But it is becoming increasingly clear to me that the bishop is the channel, the conduit, through which synodality must flow. Or not.
If that is true, then how bishops are selected and how a pope uses his bishop selections to shape the Church is an important part of the story.
The first part of this – how bishops are selected – is an interesting and complex process, and I have spent several hours researching and writing about it. At the end of this post, I will include a link to a sub-post that goes over that important process in detail. I hope you will read it, as how bishops are chosen, and specifically, what Pope Francis is looking for in a bishop, is an important foundational piece to this discussion.
But it is the second issue – how a pope uses his selections to shape the Church - that is even more critical. To understand that part of the story, I believe you have to understand two things about Pope Francis: his intention and his opportunity.
Pope Francis’s Intention Each pope has his own style and set of priorities; his own understanding of the challenges the Church is facing at this time, and how he wants to respond to them. Pope Francis is no different. We might say his style is “pastoral,” rather than doctrinal, and in keeping with that, he tends to appoint bishops who are good, faith-filled pastors. But if we focus only on that, I believe we miss the forest for the trees.

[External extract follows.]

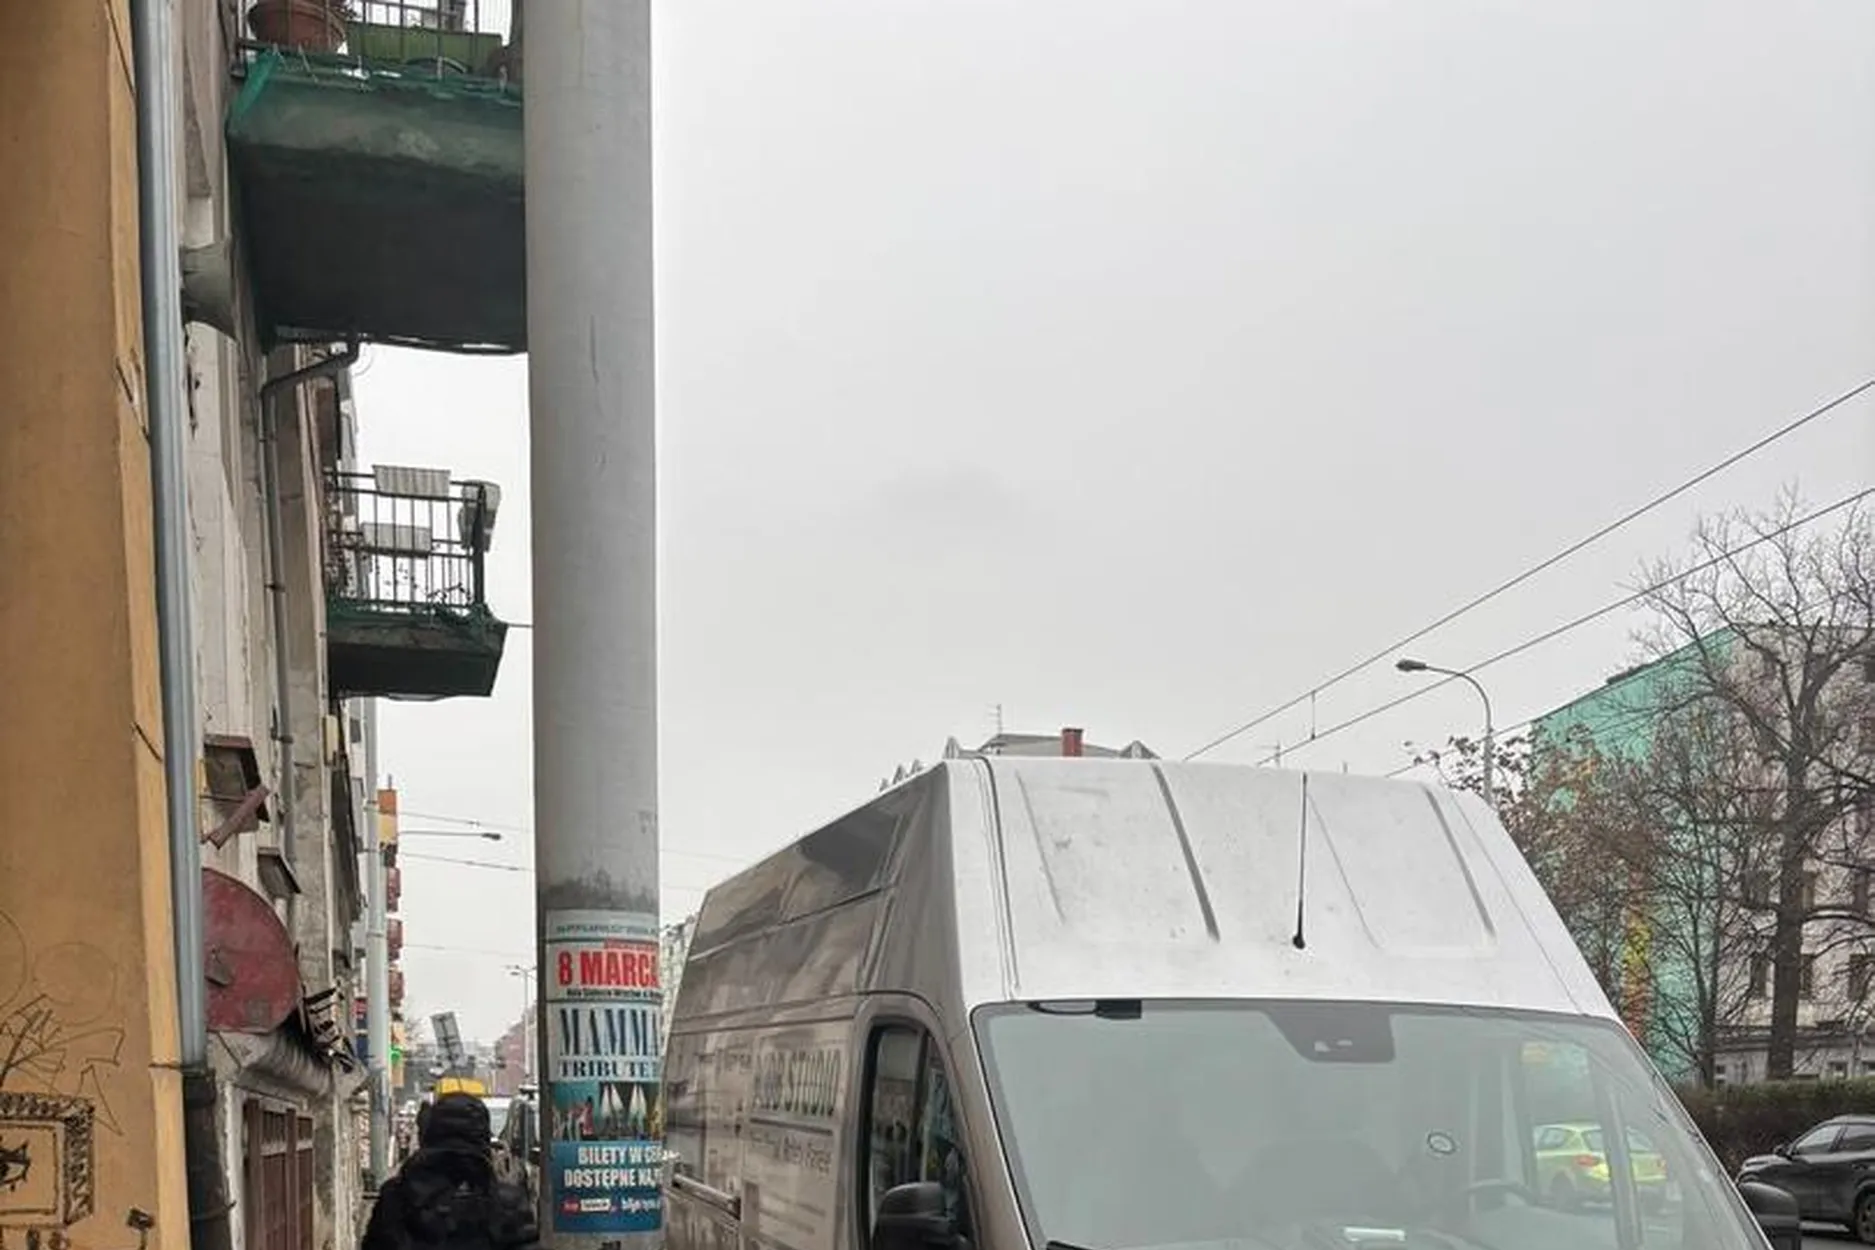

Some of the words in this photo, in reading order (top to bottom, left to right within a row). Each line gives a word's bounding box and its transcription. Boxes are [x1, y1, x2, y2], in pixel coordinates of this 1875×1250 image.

[558, 951, 573, 986] 8
[557, 1061, 650, 1078] TRIBUTE
[577, 1145, 627, 1165] BILETY
[563, 1167, 636, 1190] DOSTĘPNE

If choosing bishops that are good, faith-filled pastors are the trees, what kind of forest is Pope Francis cultivating? I believe, that as much as he sees himself as a pastor and a promoter of pastors, he also sees himself as a reformer, shepherding the Church through what he perceives is a time that necessitates change.
What kind of change? That is the question.
If you have followed his papacy, you know that from its beginning, Pope Francis has been critical of clericalism, the imbalance or inappropriate use of power and authority within the Church.
In its worst form, clericalism can lead to abuse of power, and the incorrect idea that the clergy are the Church; that they are what holds the Church together and defines it. But clericalism can also lead to burnout and isolation. If a person who is charge of something is unable or unwilling to delegate authority, that person may find himself juggling too many responsibilities, and less gets done or done well. Finally, clericalism can result in a lack of new ideas. If all the decisionmakers within a system are too alike - educated and promoted based on a particular set of ideas - that limits their experience and viewpoints, and the solutions to problems they are likely to come up with.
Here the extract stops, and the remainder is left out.